Agosto ha sido un mes desastroso para las bolsas europeas, que se han visto influenciadas por la guerra comercial de Trump contra el mundo y por las sucesivas situaciones de crisis que han sufrido países como Turquía, Argentina o Italia y la falta de acuerdo en el Brexit.

Al final, los principales índices del viejo continente han registrado caídas de entre el 1,90% y el 8,76%. Sin embargo, el resultado ha sido radicalmente distinto en otras zonas como Japón, donde el Nikkei subía y volvía a ponerse en positivo en lo que va de año, y especialmente en Estados Unidos, donde de la mano del buen momento de la tecnología y el acuerdo entre Estados Unidos y Méjico, el S&P 500 y el Nasdaq han vuelto a marcar máximos históricos.

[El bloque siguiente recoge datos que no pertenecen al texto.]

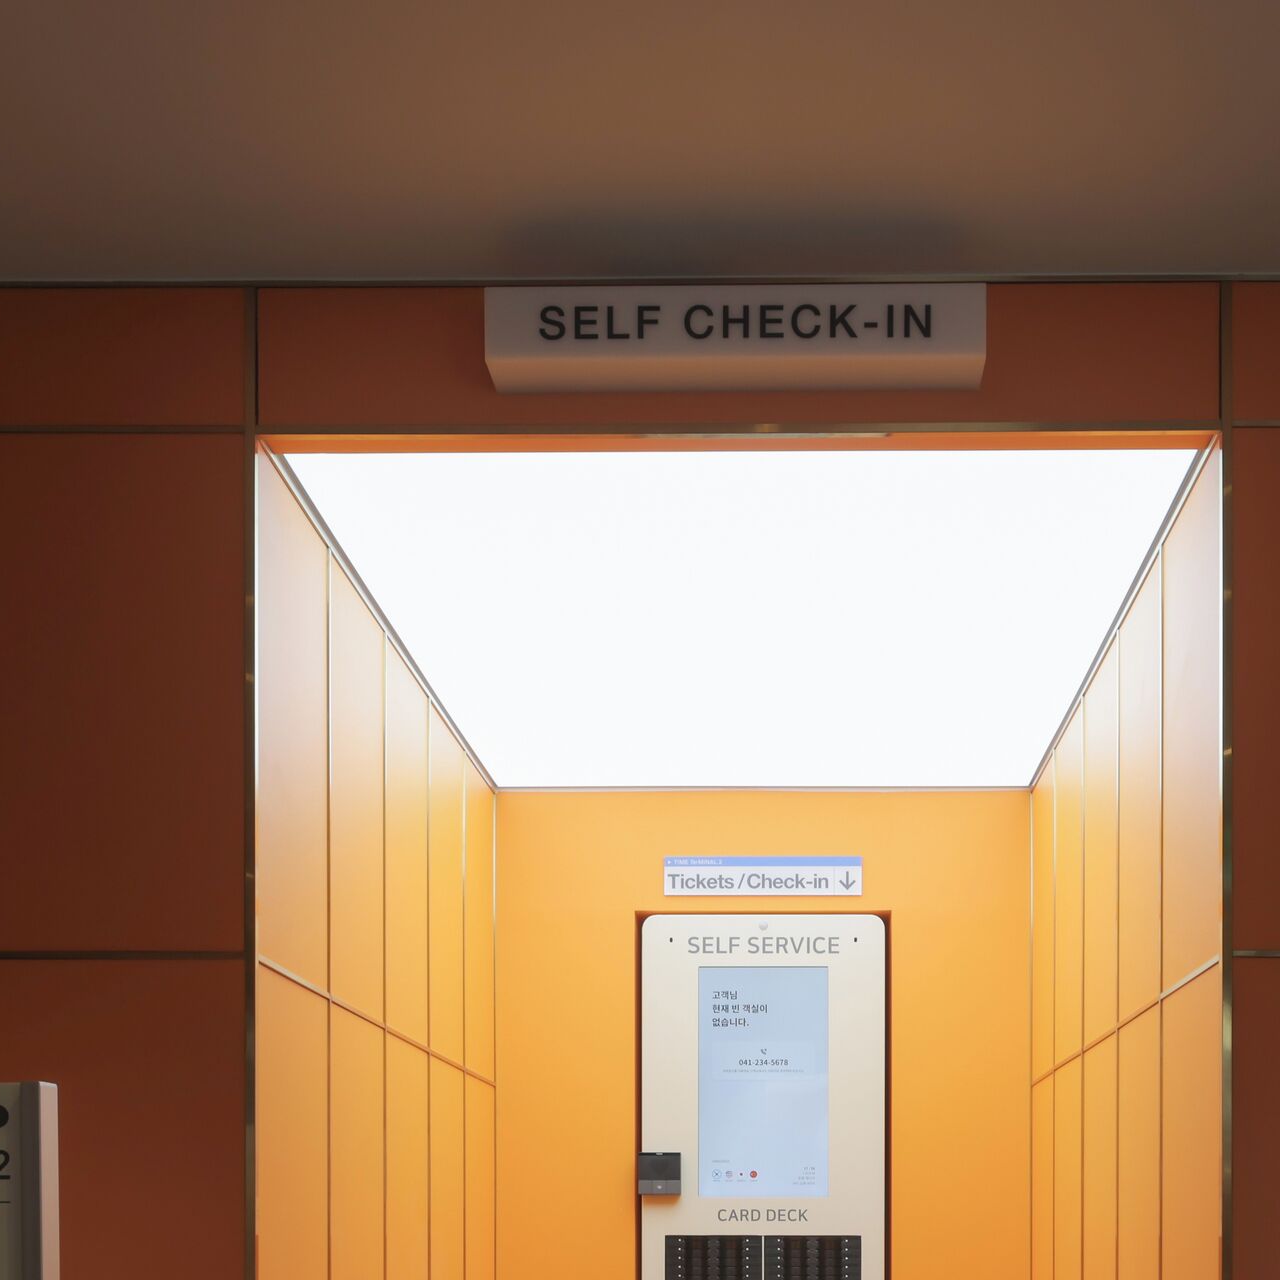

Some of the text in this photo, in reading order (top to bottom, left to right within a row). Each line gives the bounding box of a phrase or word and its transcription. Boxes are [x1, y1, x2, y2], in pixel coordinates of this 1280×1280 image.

En renta fija se reducía la rentabilidad de la deuda pública en Estados Unidos y en Alemania, en este caso al servir como refugio, mientras que subía en los periféricos. Por su parte, la deuda corporativa apenas ha tenido movimientos significativos.

Por último, el euro ha tenido un mes bastante débil y cedía posiciones frente a las principales divisas salvo con la libra.


Para la semana que empieza, los principales datos macroeconómicos van a ser: el PMI manufacturero de agosto en China, Japón, la zona euro, Alemania, Reino Unido, Francia, Italia y España, paro y afiliación a la Seguridad Social en España, precios de producción industrial de julio de la eurozona, el PMI manufacturero y el ISM manufacturero de agosto en Estados Unidos, el PMI del sector servicios de agosto en la zona euro, Alemania, Gran Bretaña, Francia, Italia y España, la balanza comercial de julio en Estados Unidos, el informe APD de empleo del sector privado, el PMI del sector servicios y el ISM no manufacturero de agosto en Estados Unidos, el PIB de la eurozona del segundo trimestre y las cifras de empleo y tasa de paro de agosto en Estados Unidos.